_Exercise directions:_ Exactly repeat all the records below, omitting the images they hold.

>>>

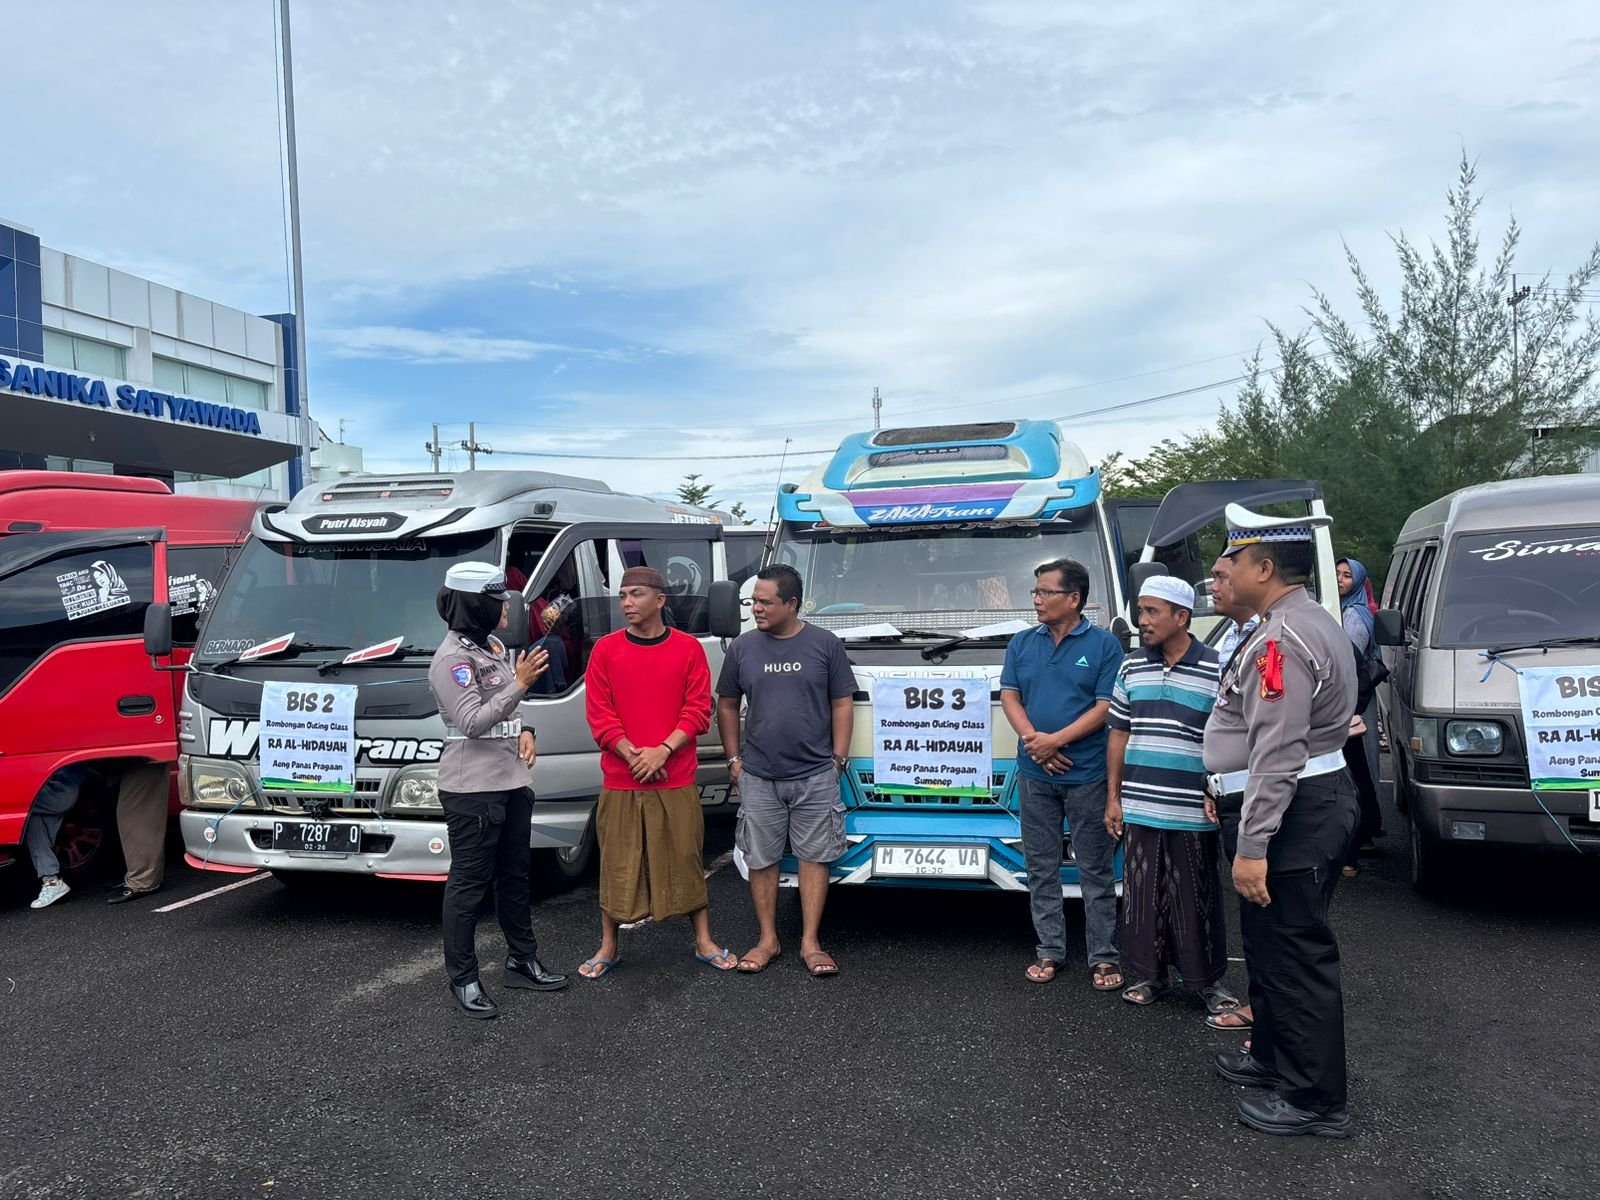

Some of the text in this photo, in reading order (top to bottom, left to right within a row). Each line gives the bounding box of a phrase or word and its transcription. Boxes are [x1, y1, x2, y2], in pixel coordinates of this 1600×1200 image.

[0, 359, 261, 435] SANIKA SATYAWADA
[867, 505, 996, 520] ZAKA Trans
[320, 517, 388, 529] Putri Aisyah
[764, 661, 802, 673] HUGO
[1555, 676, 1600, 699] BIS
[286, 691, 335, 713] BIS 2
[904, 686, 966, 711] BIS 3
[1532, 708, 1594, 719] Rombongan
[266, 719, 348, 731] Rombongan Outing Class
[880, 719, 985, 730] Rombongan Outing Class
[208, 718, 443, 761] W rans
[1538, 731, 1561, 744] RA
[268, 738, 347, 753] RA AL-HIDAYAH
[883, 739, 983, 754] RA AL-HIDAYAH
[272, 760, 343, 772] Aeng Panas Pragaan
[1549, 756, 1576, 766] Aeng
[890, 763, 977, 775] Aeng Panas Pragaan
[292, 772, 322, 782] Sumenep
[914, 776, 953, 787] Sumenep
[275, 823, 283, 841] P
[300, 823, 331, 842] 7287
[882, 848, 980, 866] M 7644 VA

<<<

_Task solution:_
Some of the text in this photo, in reading order (top to bottom, left to right within a row). Each line gives the bounding box of a phrase or word and its transcription. Boxes are [x1, y1, x2, y2], in pixel coordinates of this 1600×1200 image.

[0, 359, 261, 435] SANIKA SATYAWADA
[867, 505, 996, 520] ZAKA Trans
[320, 517, 388, 529] Putri Aisyah
[764, 661, 802, 673] HUGO
[1555, 676, 1600, 699] BIS
[286, 691, 335, 713] BIS 2
[904, 686, 966, 711] BIS 3
[1532, 708, 1594, 719] Rombongan
[266, 719, 348, 731] Rombongan Outing Class
[880, 719, 985, 730] Rombongan Outing Class
[208, 718, 443, 761] W rans
[1538, 731, 1561, 744] RA
[268, 738, 347, 753] RA AL-HIDAYAH
[883, 739, 983, 754] RA AL-HIDAYAH
[272, 760, 343, 772] Aeng Panas Pragaan
[1549, 756, 1576, 766] Aeng
[890, 763, 977, 775] Aeng Panas Pragaan
[292, 772, 322, 782] Sumenep
[914, 776, 953, 787] Sumenep
[275, 823, 283, 841] P
[300, 823, 331, 842] 7287
[882, 848, 980, 866] M 7644 VA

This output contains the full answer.